"Memory Juggler" extension FAQ (Extension module name: SCMB)

I am working with 500 Gigs of data in the access descriptor. How do I select a large data chunk?
I've done some work with a buffer in the Memory Juggler. How do I save my work?
Can I search for several byte sequences in the same search query?
How do I clone a hard drive partition?
How do I search data in the hard drive bypass file system?
How do I merge two or more files?
How do I save hard drive sectors into a disk file?
How do I find a byte sequence in the virtual memory?
What is the fastest search technique?
How do I open and edit a disk file?
Does the SCMB extension process CD/DVD drives?
What is the function of the PHYSM command?
Sometimes when I try to change memory cells in the Data Editor but it rejects my changes. Why?
Why is that when a new buffer is created its start address is shown as zero?
Can I create two or more buffers representing the same virtual address in the same context?
What is the maximum size of the buffer I can allocate in the Memory Juggler?


I am working with 500 Gigs of data in the access descriptor. How do I select a large data chunk?

Please use the "Advanced Selection" function from the context menu. It allows you to select any portion of your buffer's data by specifying the start and the end offset in the buffer.

I've done some work with a buffer in the Memory Juggler. How do I save my work?

There are two ways how you can save your work in the Memory Juggler:

1. Saving the real data content.
2. Saving metadata.

The first method is useful when you are processing data content and want to save it in order to open the same content in the next session. In this case you can save the real data content into a disk file or through the access descriptor, as you prefer.

The second method helps you save metadata described by your buffer parameters only. For example, you have opened a hard drive area through the access descriptor. This area has certain parameters like the starting sector, size, etc. You can save such parameters into an xml file in order to be able to open the same area in the next work session. You do not care about the content of this area, as you do not save the real data. When you open the saved xml file, you will get the same hard drive area, but content of this area may be changed. You can also save other information (e.g., bookmarks) to an xml file to make it available for the next session

Can I search for several byte sequences in the same search query?

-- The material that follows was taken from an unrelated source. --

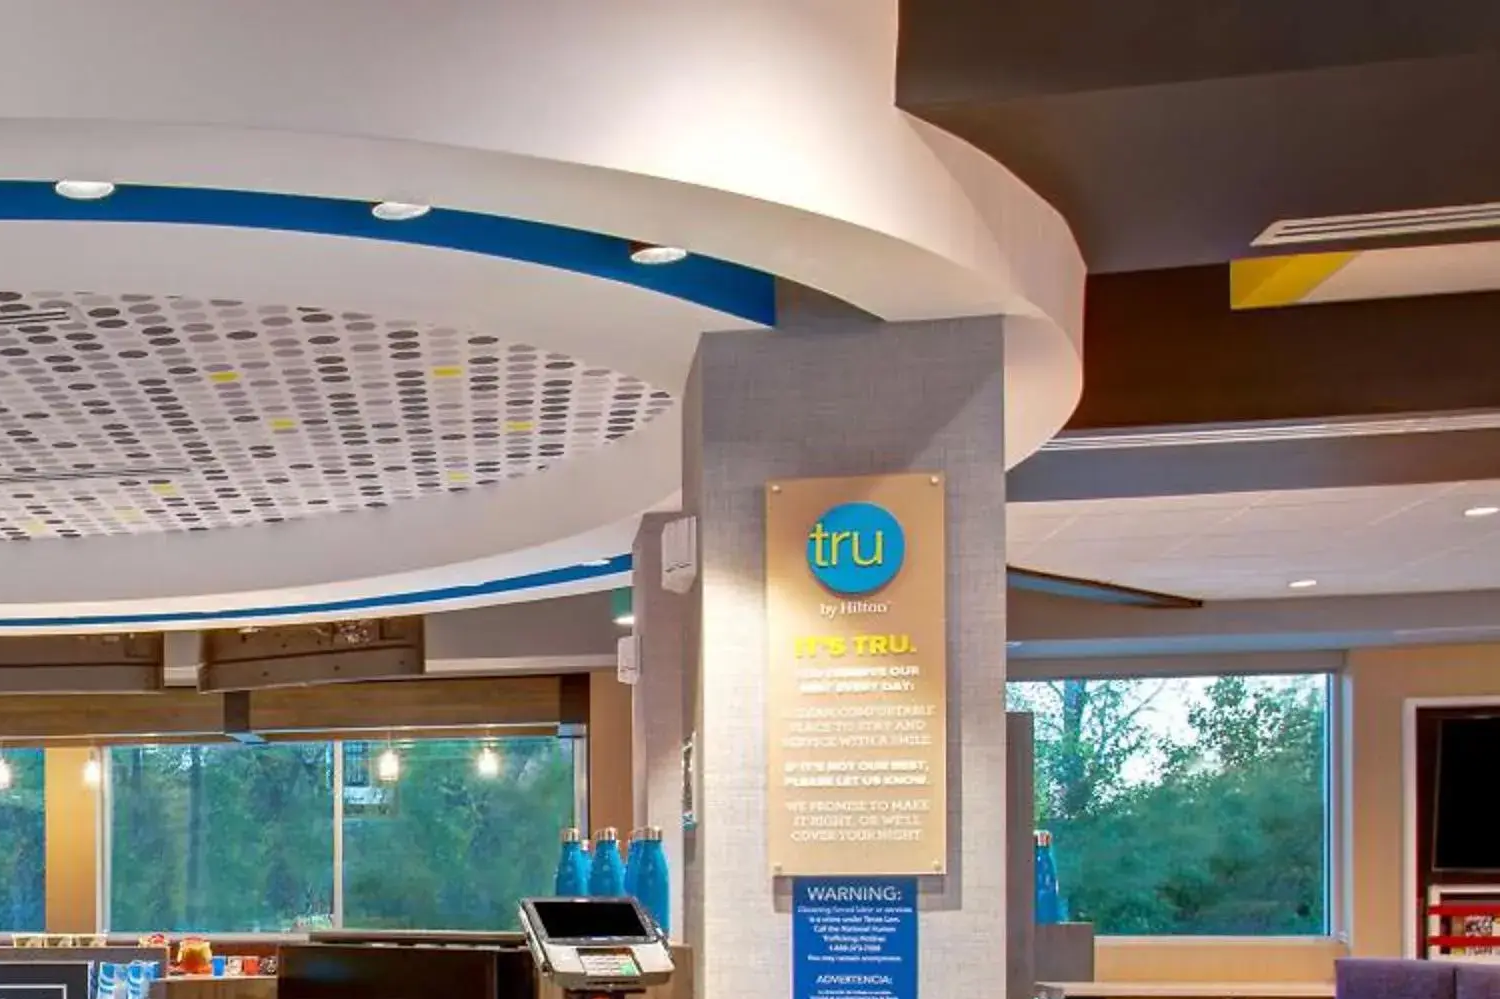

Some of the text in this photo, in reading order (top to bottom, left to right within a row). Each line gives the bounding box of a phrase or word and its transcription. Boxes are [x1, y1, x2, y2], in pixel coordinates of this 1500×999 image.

[808, 523, 884, 567] tru
[820, 601, 888, 619] by Hilton
[794, 634, 918, 658] IT'S TRU.
[807, 886, 902, 901] WARNING:

Yes. Moreover, you can build your own sequence databases and execute complex search queries at the same time. It works like an antivirus engine searching for harm signatures. The difference is that the System Console Search Engine does not perform an analysis to find out whether it is a virus signature or just a byte sequence.

Sometimes when I try to change memory cells in the Data Editor it rejects my changes. Why?

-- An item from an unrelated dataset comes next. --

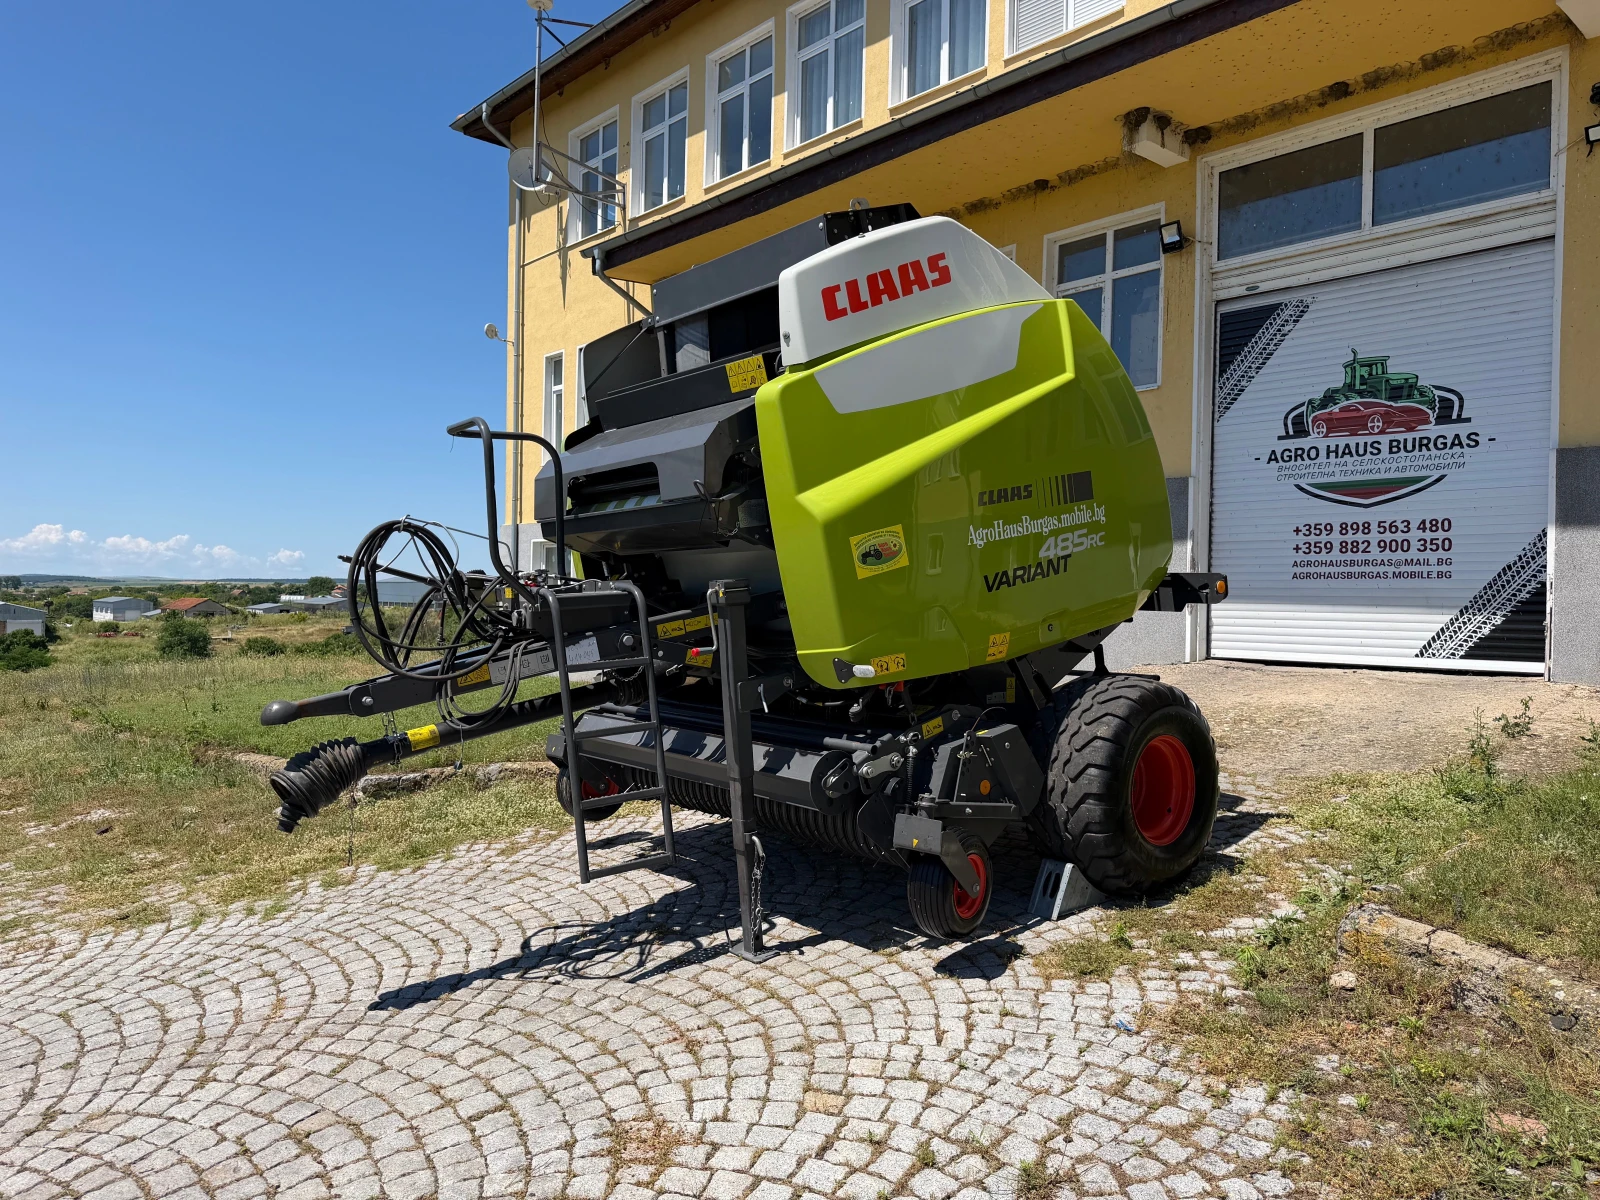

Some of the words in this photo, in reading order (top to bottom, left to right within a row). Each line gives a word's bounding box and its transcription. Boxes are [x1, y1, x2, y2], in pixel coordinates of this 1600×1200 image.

This is because the memory page you are trying to work with is write-protected. For example, when you assign virtual memory of a dynamic link library (usually, DLLs are memory-mapped sections with copy-on-write protection) you cannot change its memory cells until you disable the protection. The Memory Juggler v 1.0 cannot disable write protection of a specified page, but you can write a small extension to fix that. You would just need to open the appropriate process and call the VitrualProtectEx API function for the desired virtual memory area. Moreover, in the Windows Vista you can have a situation when you cannot change cells in a file or the access descriptor linked to some area of the hard drive. That is because you are working under the User Account Control (UAC) and do not have appropriate rights to modify certain objects (e.g., system files). In such a case, you would need to change access rights to the necessary object for the user account under which you are logged in.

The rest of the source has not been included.